Today’s Google Doodle celebrates what would have been the 107th birthday of computer pioneer Grace Hopper (1906-1992) just in time for the “Hour of Code” kicking off Computer Science Education Week.

Hopper created COBOL (Common Business-Oriented Language,) the program that allows computer to communicate through language as well as numbers. She joined the Navy Reserve in 1943, when she was teaching mathematics at Vassar, and finally reached the rank of rear admiral in 1985. Hopper, who repeatedly un-retired, became the oldest woman in the armed forces at the age of 76.

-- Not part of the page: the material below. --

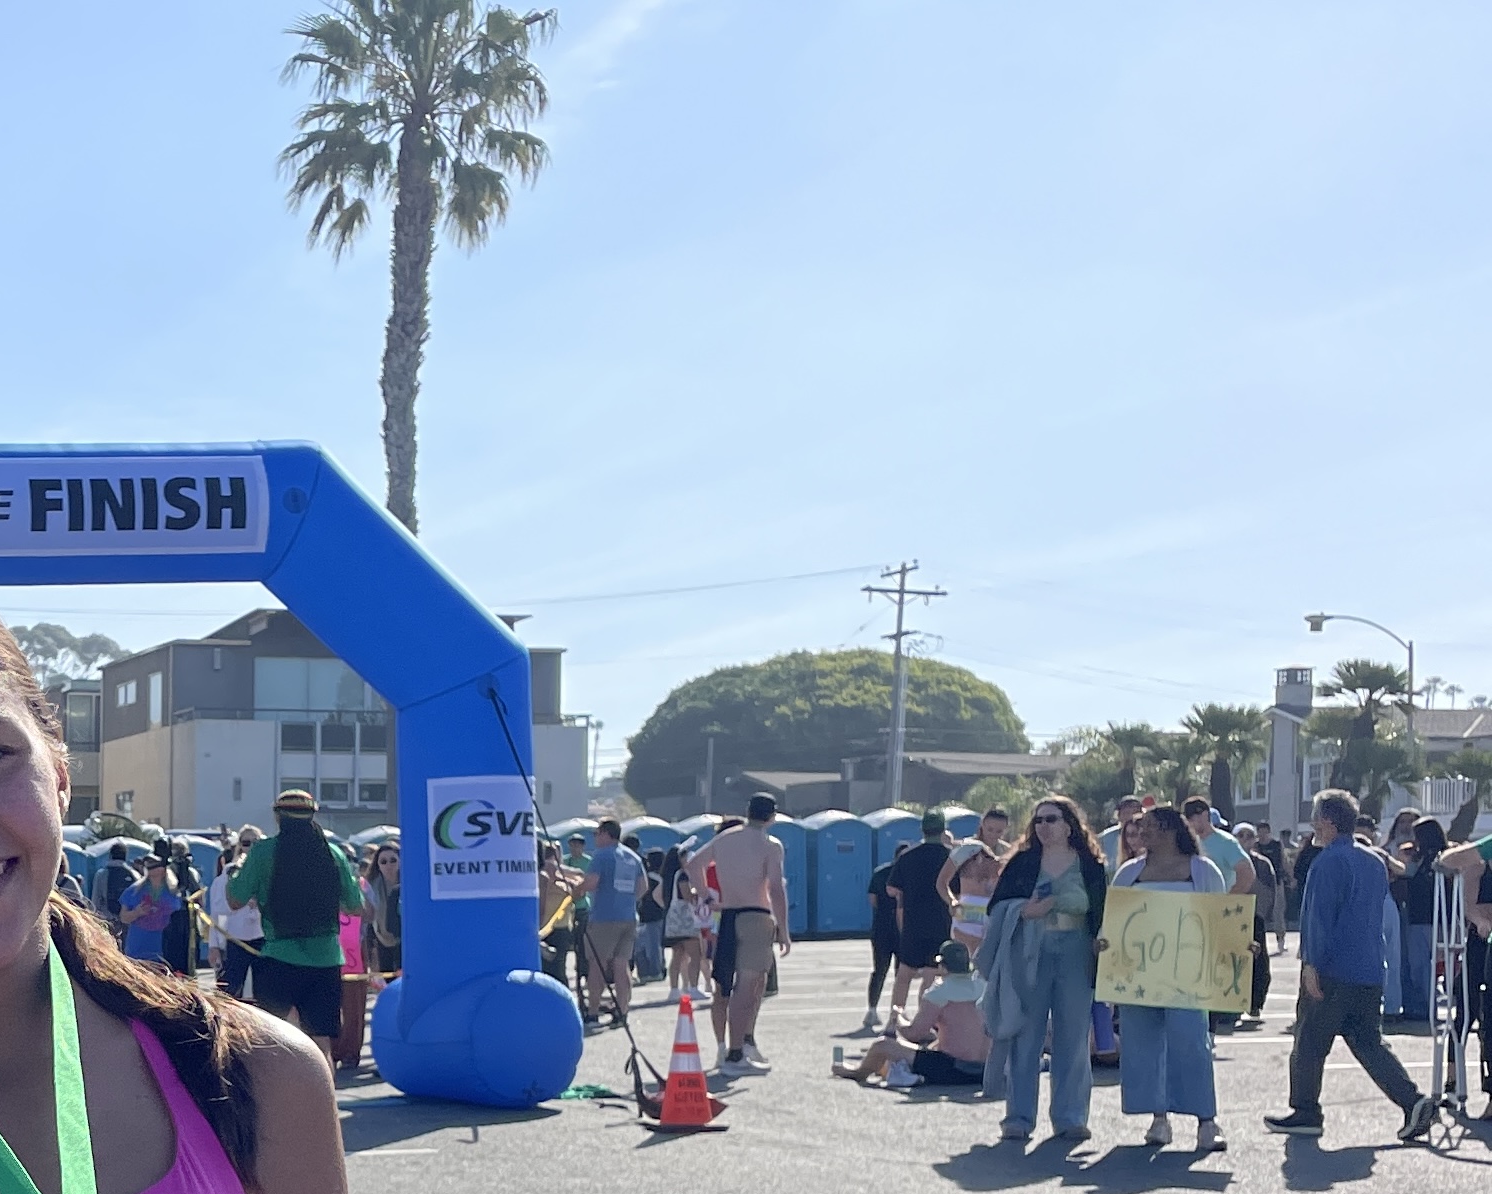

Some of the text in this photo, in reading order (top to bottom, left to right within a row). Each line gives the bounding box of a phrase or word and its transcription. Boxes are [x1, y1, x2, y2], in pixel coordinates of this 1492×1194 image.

[28, 476, 248, 533] FINISH
[463, 811, 535, 838] SVE
[433, 860, 491, 876] EVENT

Hopper is credited with coining the term “bug in the system” because of the time she actually found a bug in a computer. As TIME described it in 1984:

She gets credit for coining the name of a ubiquitous computer phenomenon: the bug. In August 1945, while she and some associates were working at Harvard on an experimental machine called the Mark I, a circuit malfunctioned. A researcher using tweezers located and removed the problem: a 2-in. long moth. Hopper taped the offending insect into her logbook. Says she: “From then on, when anything went wrong with a computer, we said it had bugs in it.”

(The moth is still under tape along with records of the experiment at the U.S. Naval Surface Weapons Center in Dahlgren, Va.)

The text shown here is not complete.